Saved data entries

----

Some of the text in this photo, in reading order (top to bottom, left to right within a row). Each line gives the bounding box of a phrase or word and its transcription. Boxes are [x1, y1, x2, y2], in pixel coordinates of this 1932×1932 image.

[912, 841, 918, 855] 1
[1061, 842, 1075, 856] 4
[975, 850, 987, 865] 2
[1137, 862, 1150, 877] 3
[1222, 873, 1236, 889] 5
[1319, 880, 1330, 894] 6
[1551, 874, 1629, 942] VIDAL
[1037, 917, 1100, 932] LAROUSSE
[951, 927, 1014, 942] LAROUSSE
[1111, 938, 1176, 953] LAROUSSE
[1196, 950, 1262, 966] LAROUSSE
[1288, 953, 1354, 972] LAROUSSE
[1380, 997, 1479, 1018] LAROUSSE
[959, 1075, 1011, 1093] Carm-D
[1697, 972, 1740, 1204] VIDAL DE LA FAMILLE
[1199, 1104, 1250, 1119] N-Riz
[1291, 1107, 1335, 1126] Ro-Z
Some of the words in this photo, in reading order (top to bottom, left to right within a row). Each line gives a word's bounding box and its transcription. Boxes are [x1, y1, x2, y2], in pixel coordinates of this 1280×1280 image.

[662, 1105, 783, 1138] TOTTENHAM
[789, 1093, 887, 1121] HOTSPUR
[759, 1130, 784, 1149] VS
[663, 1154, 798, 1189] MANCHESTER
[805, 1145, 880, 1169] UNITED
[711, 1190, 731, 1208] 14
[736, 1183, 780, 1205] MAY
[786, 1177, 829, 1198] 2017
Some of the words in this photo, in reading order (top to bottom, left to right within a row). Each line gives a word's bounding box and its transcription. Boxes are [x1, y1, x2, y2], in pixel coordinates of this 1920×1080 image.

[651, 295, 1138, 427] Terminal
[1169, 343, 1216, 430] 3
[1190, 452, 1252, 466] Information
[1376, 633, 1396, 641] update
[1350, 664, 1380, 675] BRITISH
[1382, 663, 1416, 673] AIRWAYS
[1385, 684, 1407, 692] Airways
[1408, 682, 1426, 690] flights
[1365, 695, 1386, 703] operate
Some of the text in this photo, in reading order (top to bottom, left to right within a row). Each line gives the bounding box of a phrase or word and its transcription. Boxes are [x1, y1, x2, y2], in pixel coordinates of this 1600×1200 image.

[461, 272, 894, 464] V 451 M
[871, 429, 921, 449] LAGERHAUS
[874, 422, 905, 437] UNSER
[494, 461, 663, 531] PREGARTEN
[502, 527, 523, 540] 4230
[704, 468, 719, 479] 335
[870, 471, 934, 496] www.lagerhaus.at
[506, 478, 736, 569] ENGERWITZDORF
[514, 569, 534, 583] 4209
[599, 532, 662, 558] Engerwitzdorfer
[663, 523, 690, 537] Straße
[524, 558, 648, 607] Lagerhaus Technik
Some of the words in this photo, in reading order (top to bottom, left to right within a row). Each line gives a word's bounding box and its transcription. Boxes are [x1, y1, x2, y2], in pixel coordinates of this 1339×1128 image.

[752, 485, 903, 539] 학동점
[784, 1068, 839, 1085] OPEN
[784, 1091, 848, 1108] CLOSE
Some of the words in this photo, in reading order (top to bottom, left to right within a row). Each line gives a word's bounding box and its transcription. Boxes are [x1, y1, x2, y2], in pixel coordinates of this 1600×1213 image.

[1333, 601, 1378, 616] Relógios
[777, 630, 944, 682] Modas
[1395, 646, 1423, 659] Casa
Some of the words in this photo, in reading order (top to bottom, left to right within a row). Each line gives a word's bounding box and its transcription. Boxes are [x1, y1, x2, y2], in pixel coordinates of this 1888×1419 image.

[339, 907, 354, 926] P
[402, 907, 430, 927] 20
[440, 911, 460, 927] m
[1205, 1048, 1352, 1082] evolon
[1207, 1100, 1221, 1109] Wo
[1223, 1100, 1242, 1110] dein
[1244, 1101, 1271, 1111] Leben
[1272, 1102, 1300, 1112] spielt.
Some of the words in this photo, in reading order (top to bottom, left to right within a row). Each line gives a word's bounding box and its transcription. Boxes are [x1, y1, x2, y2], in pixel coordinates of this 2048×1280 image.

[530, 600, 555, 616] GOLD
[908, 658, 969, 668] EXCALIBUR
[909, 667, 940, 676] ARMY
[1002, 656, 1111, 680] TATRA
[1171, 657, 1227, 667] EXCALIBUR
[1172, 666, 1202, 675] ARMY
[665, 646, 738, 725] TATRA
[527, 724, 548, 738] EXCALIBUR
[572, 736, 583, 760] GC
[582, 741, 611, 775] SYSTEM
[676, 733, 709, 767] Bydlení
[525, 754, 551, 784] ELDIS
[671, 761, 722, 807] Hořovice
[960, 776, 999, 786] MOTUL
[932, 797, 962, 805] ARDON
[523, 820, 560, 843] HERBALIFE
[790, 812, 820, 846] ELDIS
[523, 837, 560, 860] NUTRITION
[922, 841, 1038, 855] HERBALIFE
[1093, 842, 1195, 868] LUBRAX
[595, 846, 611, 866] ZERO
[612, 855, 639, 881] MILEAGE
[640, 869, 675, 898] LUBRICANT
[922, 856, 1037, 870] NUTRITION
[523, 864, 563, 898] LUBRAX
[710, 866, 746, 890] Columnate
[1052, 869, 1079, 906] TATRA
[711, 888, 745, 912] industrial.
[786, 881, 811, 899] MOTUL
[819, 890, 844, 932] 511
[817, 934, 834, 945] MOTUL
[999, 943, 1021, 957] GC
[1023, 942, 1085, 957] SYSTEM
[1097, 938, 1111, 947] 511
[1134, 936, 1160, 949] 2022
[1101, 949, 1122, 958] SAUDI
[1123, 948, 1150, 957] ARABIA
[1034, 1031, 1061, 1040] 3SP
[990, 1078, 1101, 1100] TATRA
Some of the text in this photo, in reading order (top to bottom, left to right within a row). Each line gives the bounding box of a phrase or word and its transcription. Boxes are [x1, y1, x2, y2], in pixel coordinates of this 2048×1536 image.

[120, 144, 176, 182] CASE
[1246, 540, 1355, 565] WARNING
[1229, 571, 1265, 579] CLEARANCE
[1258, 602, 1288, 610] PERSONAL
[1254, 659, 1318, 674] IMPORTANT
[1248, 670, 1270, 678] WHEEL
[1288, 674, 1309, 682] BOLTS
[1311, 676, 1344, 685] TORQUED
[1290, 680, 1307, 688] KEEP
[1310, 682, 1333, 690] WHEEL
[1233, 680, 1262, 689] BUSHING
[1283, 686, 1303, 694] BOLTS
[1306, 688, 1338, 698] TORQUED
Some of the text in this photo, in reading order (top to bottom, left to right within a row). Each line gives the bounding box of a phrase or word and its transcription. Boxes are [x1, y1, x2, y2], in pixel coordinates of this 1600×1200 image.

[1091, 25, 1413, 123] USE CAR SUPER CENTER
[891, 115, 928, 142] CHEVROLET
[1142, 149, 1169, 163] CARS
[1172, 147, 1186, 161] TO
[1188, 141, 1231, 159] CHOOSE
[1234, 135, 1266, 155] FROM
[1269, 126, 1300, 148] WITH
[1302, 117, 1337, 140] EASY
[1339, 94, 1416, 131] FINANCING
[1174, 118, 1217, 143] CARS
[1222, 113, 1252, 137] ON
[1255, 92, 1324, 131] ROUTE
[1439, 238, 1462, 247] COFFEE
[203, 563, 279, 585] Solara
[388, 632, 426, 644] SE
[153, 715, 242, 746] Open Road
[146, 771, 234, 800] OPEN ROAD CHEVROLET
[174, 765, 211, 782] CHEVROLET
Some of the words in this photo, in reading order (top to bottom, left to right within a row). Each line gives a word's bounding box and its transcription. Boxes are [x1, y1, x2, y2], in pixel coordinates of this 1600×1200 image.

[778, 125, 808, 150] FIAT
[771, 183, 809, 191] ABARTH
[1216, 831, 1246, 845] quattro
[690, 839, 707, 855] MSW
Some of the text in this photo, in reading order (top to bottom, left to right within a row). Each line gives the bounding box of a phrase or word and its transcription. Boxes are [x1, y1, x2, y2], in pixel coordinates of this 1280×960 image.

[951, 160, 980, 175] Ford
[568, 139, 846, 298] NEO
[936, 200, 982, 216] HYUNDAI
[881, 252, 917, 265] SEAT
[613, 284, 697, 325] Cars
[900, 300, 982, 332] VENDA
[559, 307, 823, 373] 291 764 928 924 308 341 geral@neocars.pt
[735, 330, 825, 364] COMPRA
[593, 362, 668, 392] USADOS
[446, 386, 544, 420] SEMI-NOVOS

----

▶ Your goal
Copy verbatim the span of lines that begins with the line holding "this 1280×960 image." and ends at the last line of the records.

▶ The answer
Some of the text in this photo, in reading order (top to bottom, left to right within a row). Each line gives the bounding box of a phrase or word and its transcription. Boxes are [x1, y1, x2, y2], in pixel coordinates of this 1280×960 image.

[951, 160, 980, 175] Ford
[568, 139, 846, 298] NEO
[936, 200, 982, 216] HYUNDAI
[881, 252, 917, 265] SEAT
[613, 284, 697, 325] Cars
[900, 300, 982, 332] VENDA
[559, 307, 823, 373] 291 764 928 924 308 341 geral@neocars.pt
[735, 330, 825, 364] COMPRA
[593, 362, 668, 392] USADOS
[446, 386, 544, 420] SEMI-NOVOS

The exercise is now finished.